Kudos to State Rep. Mike Jacobs, Gov. Sonny Perdue and members of the Georgia Legislature. Jacobs got through a new anti-bullying measure, which Gov. Perdue has signed into law. Rep. Jacobs was spurred into action by the death last year of 11-year-old Jaheem Herrera. Jaheem’s family said the Dunaire Elementary school student hanged himself at the family home after he was repeatedly bullied and tormented at school. Jacobs also took up a challenge leveled by yours truly during a DeKalb delegation forum last year. I asked who among them had the testicular fortitude to sponsor a measure to put some teeth into bullying legislation that simply did not go far enough. To their credit, Reps. Stephanie Stuckey Benfield and Mike Jacobs took up the gauntlet.
Operation Lead Director John Evans and I went to the Capitol to meet with Benfield and Jacobs early in the session offering suggestions for the measure. Regrettably, my passionate recommendation that parents be held responsible for their bad actor children was too harsh and by all accounts wouldn’t stand up to constitutional muster. But Evans’ suggestion of a notification requirement became a key component of the new anti-bullying law. Now school officials must report incidents of bullying to the parents of victims and violators alike or risk a misdemeanor charge.
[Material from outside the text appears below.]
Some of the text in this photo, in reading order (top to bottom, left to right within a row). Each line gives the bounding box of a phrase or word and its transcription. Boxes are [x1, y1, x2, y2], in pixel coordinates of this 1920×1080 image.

Some might argue it gives officials more paperwork, but what is a simple notification compared to saving a life, rehabilitating a misguided youth or saving a system hundreds of thousands of dollars in lawsuits?
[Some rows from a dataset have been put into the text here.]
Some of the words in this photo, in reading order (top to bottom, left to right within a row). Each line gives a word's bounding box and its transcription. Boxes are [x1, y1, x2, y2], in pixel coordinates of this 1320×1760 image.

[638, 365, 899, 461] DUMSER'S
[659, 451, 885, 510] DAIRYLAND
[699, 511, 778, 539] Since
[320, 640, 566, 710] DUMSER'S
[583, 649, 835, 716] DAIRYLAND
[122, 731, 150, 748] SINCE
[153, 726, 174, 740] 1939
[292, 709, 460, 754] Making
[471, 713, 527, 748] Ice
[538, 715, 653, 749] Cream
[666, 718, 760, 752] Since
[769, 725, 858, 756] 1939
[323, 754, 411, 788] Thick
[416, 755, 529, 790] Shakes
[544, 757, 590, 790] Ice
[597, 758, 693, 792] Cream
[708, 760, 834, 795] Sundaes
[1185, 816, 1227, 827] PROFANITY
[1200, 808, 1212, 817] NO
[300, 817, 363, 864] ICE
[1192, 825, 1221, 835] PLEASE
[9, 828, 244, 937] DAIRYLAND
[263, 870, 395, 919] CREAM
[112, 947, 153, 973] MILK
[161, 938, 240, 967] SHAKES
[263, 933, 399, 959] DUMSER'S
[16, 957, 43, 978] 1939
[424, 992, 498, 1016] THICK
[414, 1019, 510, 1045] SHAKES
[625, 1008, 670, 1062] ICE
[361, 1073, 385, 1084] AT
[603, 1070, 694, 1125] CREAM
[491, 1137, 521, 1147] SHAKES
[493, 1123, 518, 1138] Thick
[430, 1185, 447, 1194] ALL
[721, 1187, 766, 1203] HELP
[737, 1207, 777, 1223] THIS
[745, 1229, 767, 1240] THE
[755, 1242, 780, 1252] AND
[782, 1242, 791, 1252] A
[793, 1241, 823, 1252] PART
This anti-bullying legislation is a perfect example of lawmakers, common citizens and advocacy groups coming together across party lines and other considerations for the common good. Representive Jacobs, you see, is a Republican. Benfield a staunch Democrat. It didn’t matter. Jacobs and Benfield worked together with others in the legislature and the community to remedy a situation that has far reaching implications. Jaheem’s death brought DeKalb into the national spotlight. His mother appeared on The Oprah Show telling millions how teachers and administrators ignored her pleas. Under the new law, that should not happen again. It won’t be left to local jurisdictions whether they must report. It will be left to them how. All local school systems must adhere to the new law that requires notification. That is such a good thing.
Gerald Griggs, the attorney for the Herrera family was on hand for the bill signing along with community activist Willie Pringle, myself and Bill Nigut, regional director of the Anti-Defamation League. Nigut thanked the governor and Jacobs for the measure. Jaheem’s mother, Basika Bermudez, smiled broadly as Gov. Perdue allowed Jaheem’s brother and sister to help him sign the bill into law. I smiled too, thinking though, they still should put the parents of the bad actors in jail, but you can’t win them all. The new anti-bullying law does move the ball down the field. As Attorney Griggs put it, “This is the first step in the long journey to end the terror that grips victims in the school house.” Yes, we’ve made some progress. Thanks, Rep. Jacobs. You done good. Real good and showed real testicular fortitude.